• [Action item]:
The reply should contain every line of the data, repeated exactly, and no pictures.

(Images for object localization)
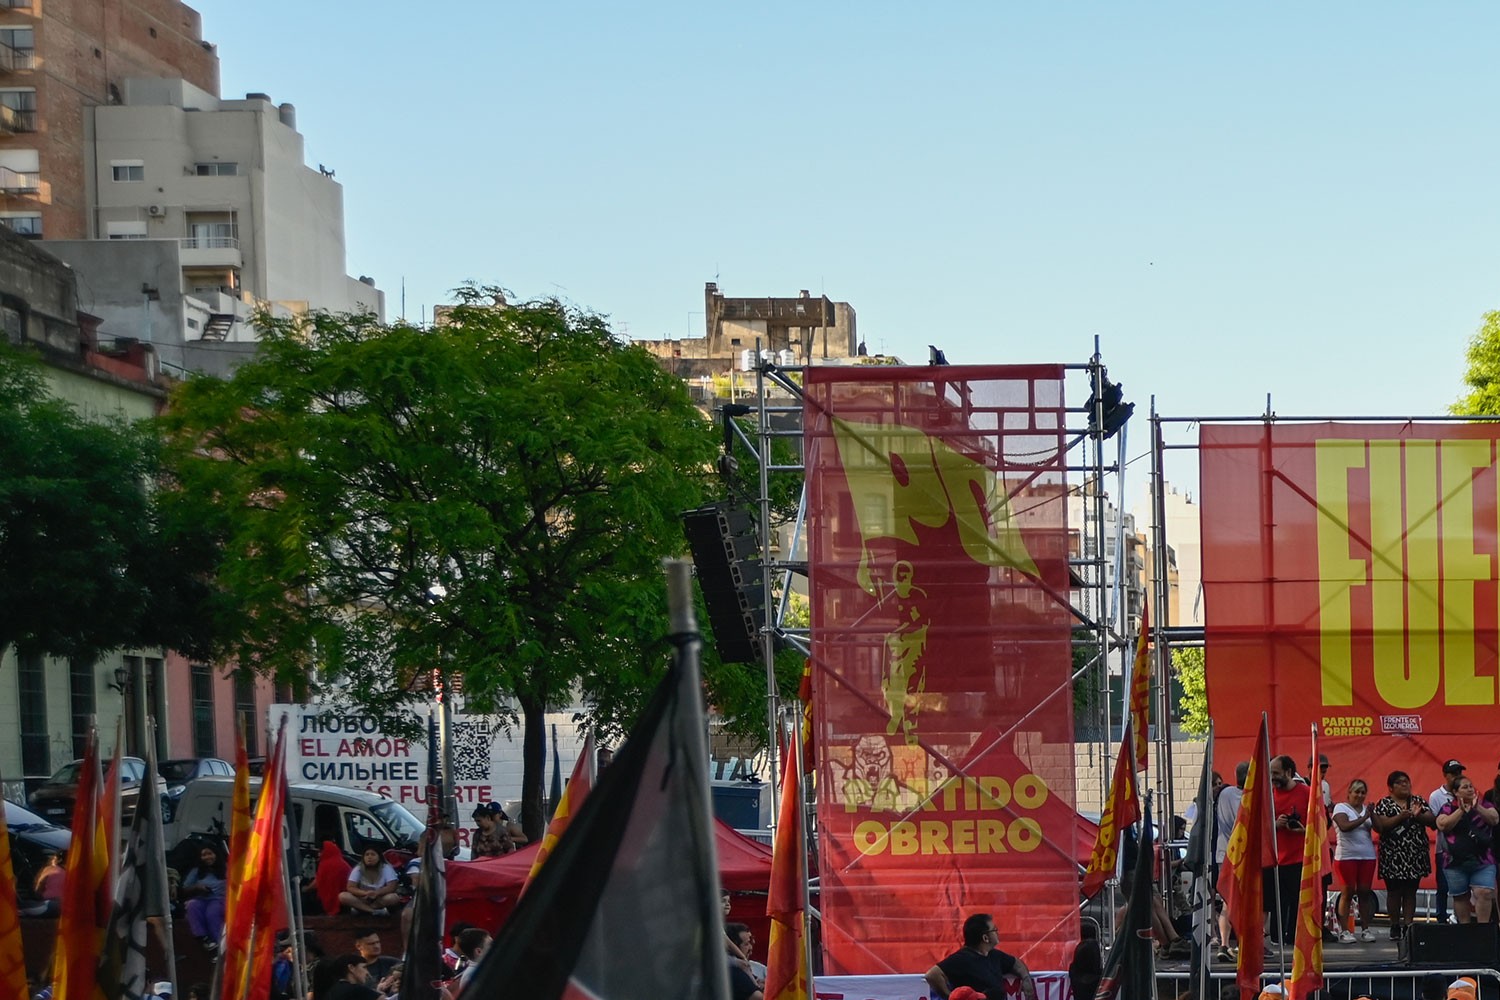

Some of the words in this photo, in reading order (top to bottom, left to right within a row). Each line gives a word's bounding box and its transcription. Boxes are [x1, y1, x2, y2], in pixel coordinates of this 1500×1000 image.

[300, 715, 402, 734] ЛЮБО
[1322, 716, 1373, 727] PARTIDO
[1324, 727, 1371, 736] OBRERO
[300, 739, 330, 757] EL
[336, 738, 410, 757] AMOR
[302, 762, 419, 780] СИЛЬНЕЕ
[400, 785, 492, 804] FURTE
[751, 798, 759, 808] 3
[843, 773, 1049, 814] PARTIDO
[853, 817, 1042, 856] OBRERO

• [Written response]:
Some of the words in this photo, in reading order (top to bottom, left to right within a row). Each line gives a word's bounding box and its transcription. Boxes are [x1, y1, x2, y2], in pixel coordinates of this 1500×1000 image.

[300, 715, 402, 734] ЛЮБО
[1322, 716, 1373, 727] PARTIDO
[1324, 727, 1371, 736] OBRERO
[300, 739, 330, 757] EL
[336, 738, 410, 757] AMOR
[302, 762, 419, 780] СИЛЬНЕЕ
[400, 785, 492, 804] FURTE
[751, 798, 759, 808] 3
[843, 773, 1049, 814] PARTIDO
[853, 817, 1042, 856] OBRERO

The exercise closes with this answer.